* [Exercise description]: Reproduce the records below exactly, but leave their pictures out of the copy.

* [Dataset entries]:
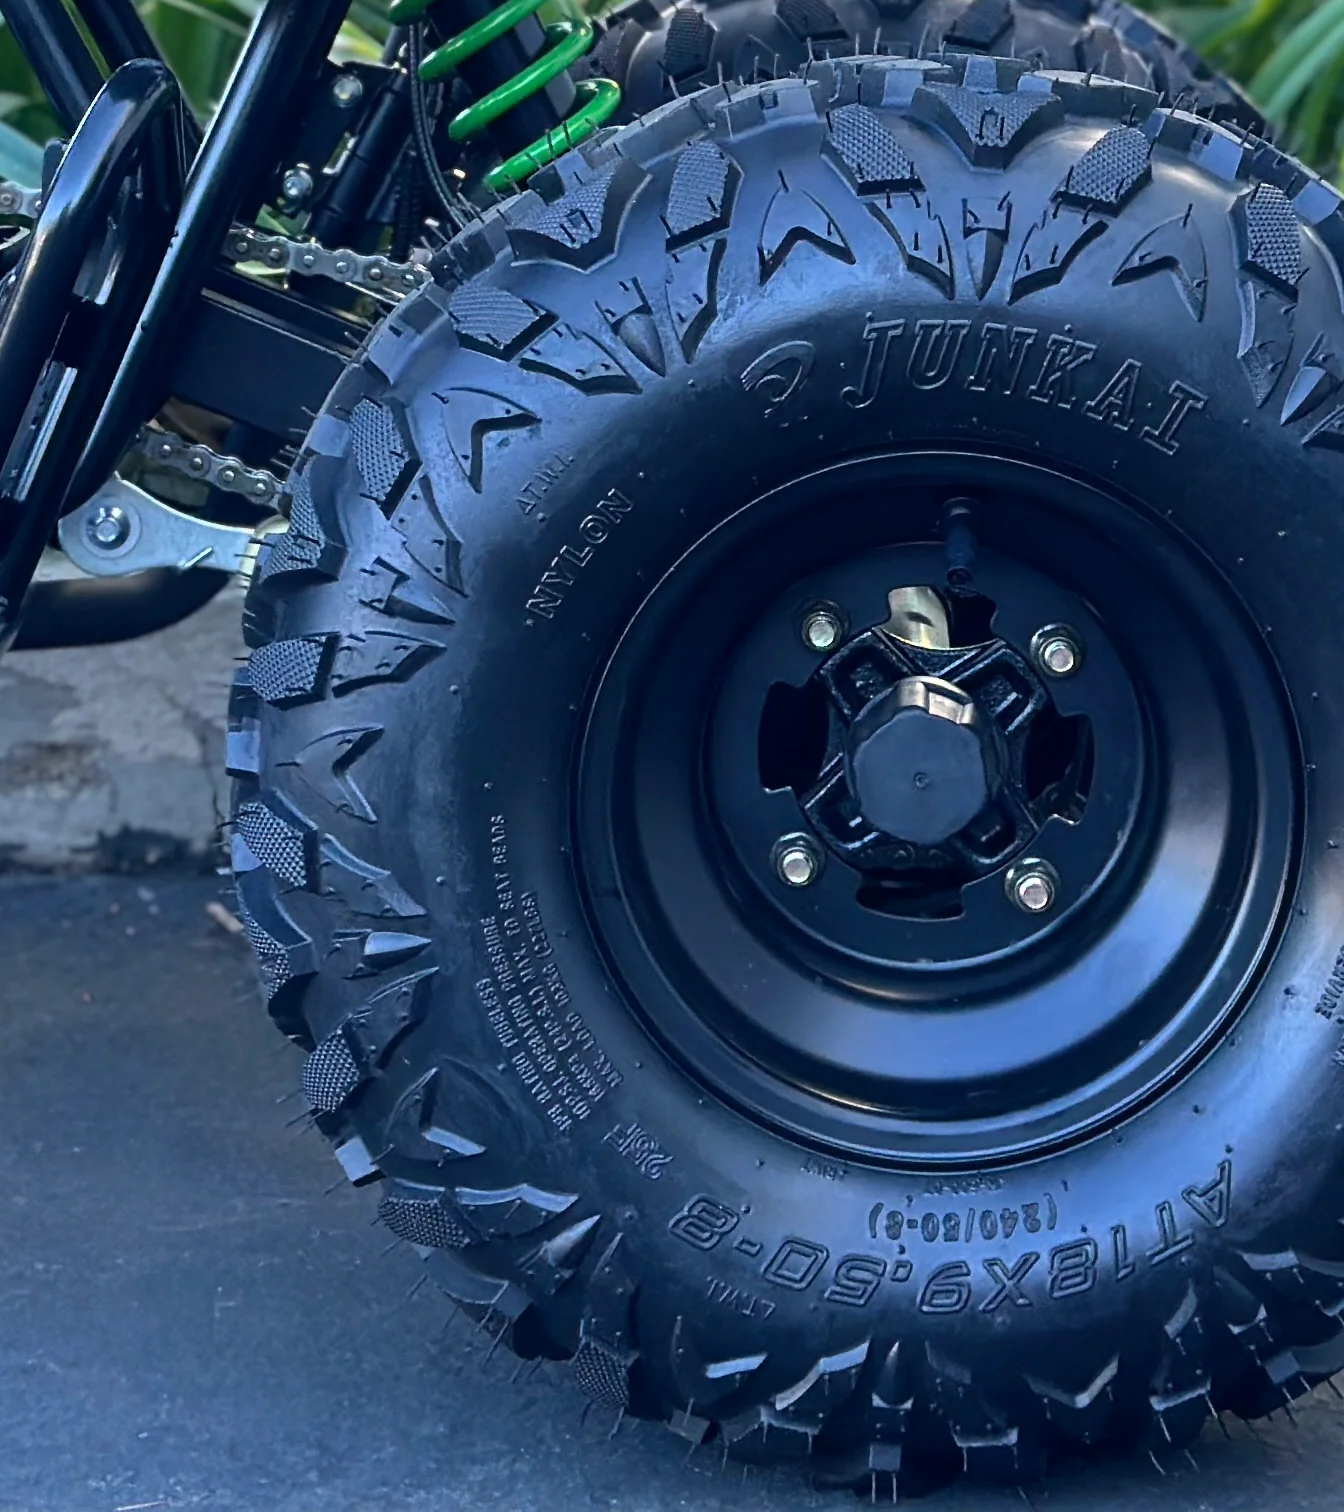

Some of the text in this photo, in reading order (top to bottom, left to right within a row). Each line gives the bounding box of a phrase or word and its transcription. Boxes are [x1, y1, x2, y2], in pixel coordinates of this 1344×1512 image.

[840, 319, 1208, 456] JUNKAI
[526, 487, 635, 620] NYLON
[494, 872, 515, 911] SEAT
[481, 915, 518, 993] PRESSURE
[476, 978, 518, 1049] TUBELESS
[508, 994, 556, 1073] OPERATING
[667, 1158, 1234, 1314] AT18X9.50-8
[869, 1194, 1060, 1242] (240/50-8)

* [Task solution]:
Some of the text in this photo, in reading order (top to bottom, left to right within a row). Each line gives the bounding box of a phrase or word and its transcription. Boxes are [x1, y1, x2, y2], in pixel coordinates of this 1344×1512 image.

[840, 319, 1208, 456] JUNKAI
[526, 487, 635, 620] NYLON
[494, 872, 515, 911] SEAT
[481, 915, 518, 993] PRESSURE
[476, 978, 518, 1049] TUBELESS
[508, 994, 556, 1073] OPERATING
[667, 1158, 1234, 1314] AT18X9.50-8
[869, 1194, 1060, 1242] (240/50-8)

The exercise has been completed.